* PROBLEM TO SOLVE
Repeat each entry word for word; the images are not part of the copy.

════

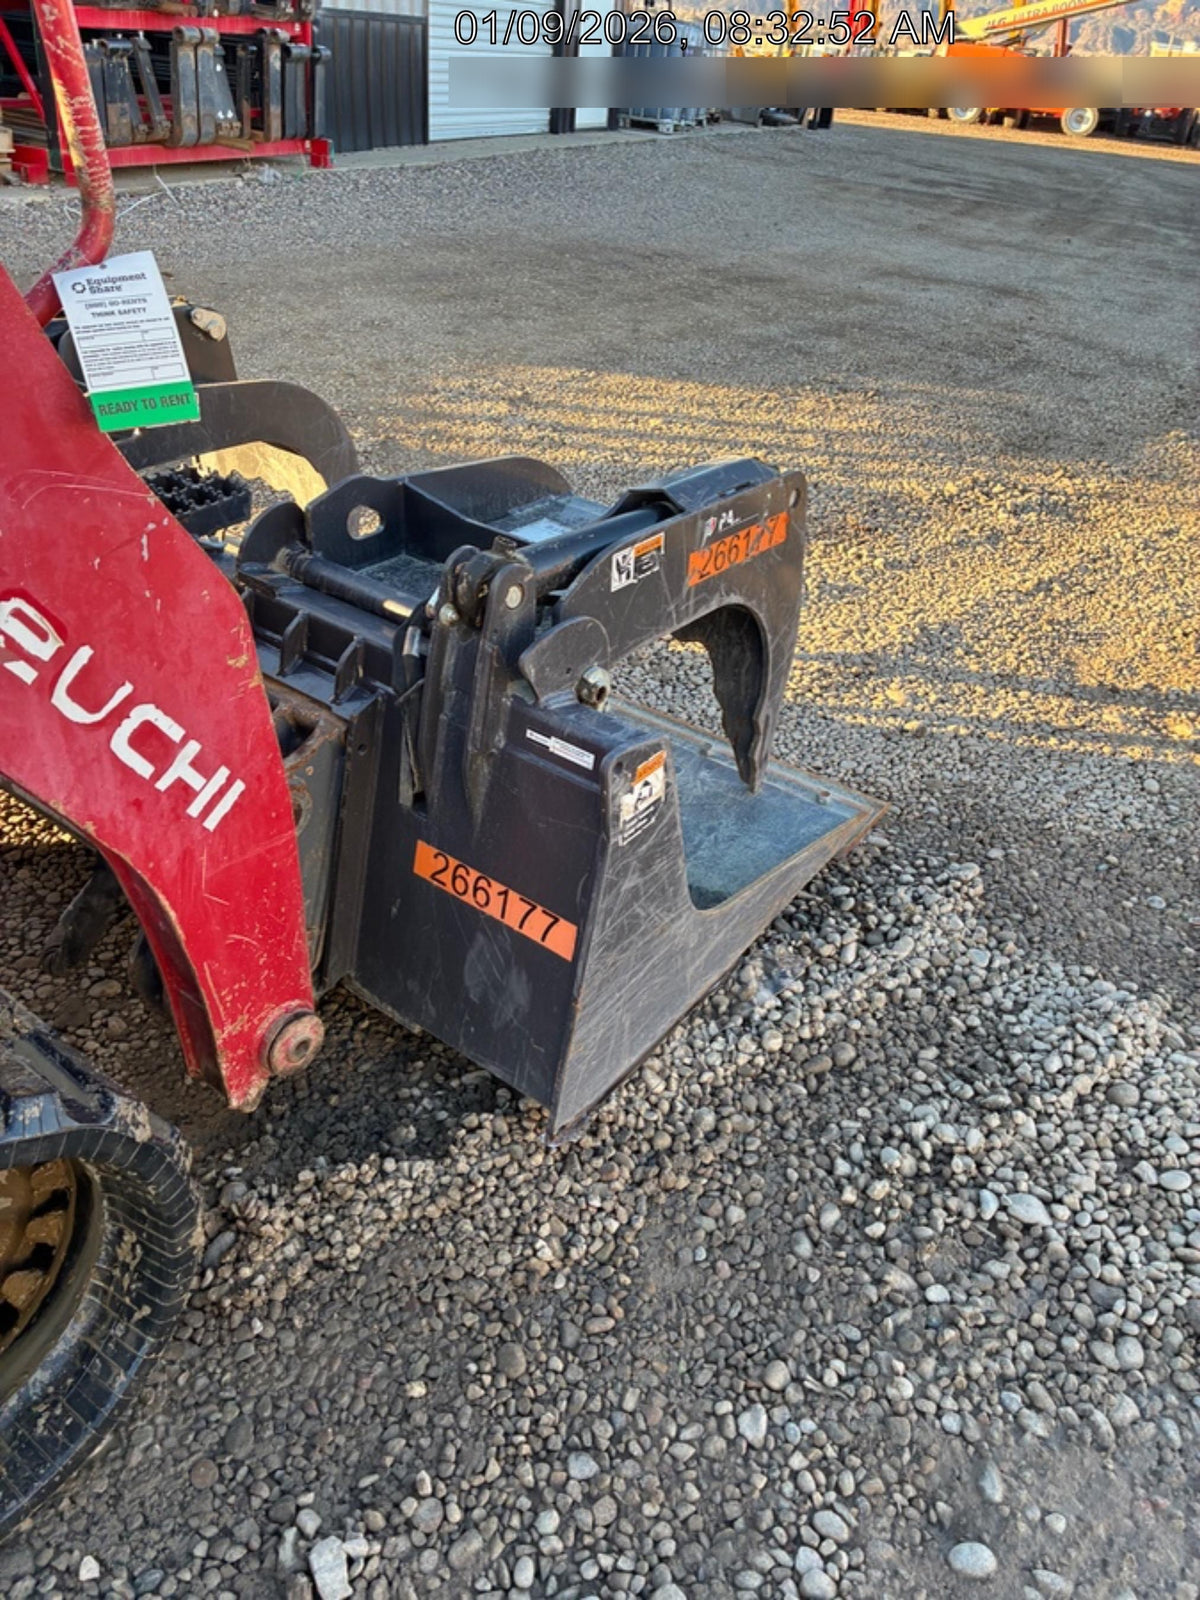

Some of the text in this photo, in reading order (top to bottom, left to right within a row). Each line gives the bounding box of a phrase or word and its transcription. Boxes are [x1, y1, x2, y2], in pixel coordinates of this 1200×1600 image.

[86, 272, 147, 286] Equipment
[88, 285, 123, 294] Share
[91, 307, 147, 318] THINK SAFETY
[98, 393, 191, 416] READY TO RENT
[429, 852, 560, 943] 266177
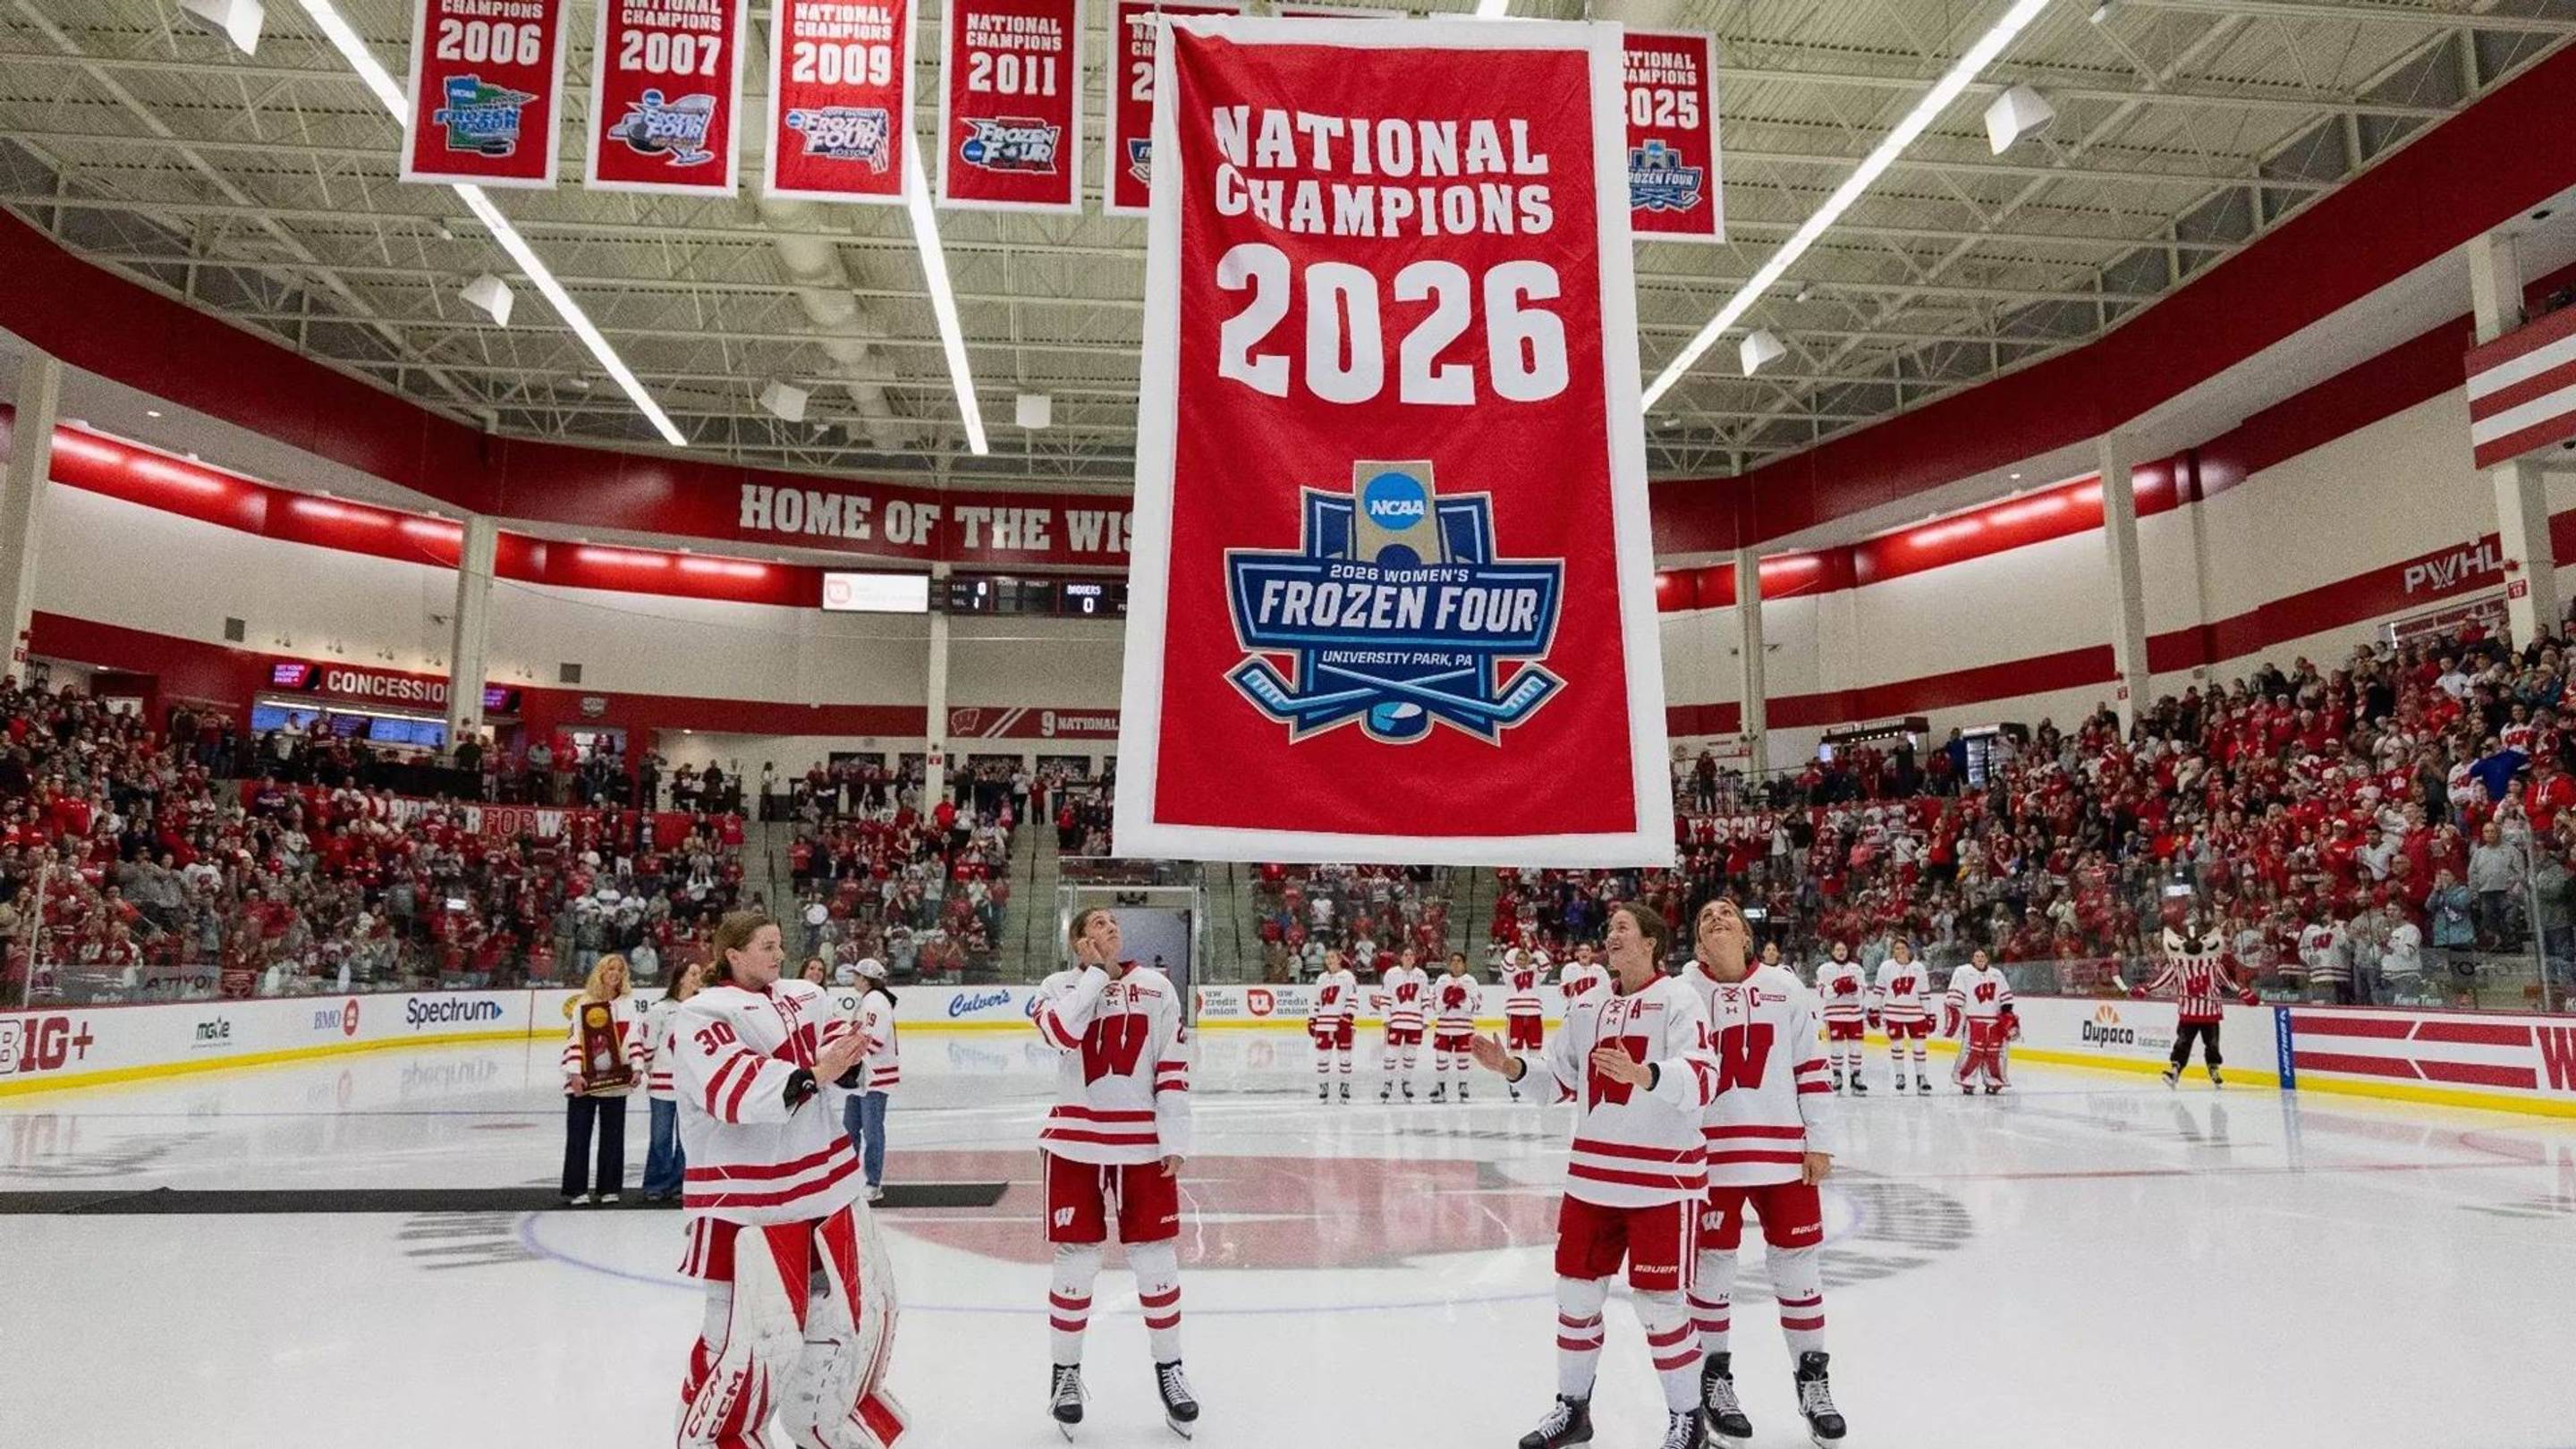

════

* RESULT OF THIS EXERCISE
Some of the text in this photo, in reading order (top to bottom, left to right within a row). Each line gives the bounding box of a phrase or word and its transcription. Boxes are [x1, y1, x2, y2], in pixel coordinates of this 1200×1600 image.

[86, 272, 147, 286] Equipment
[88, 285, 123, 294] Share
[91, 307, 147, 318] THINK SAFETY
[98, 393, 191, 416] READY TO RENT
[429, 852, 560, 943] 266177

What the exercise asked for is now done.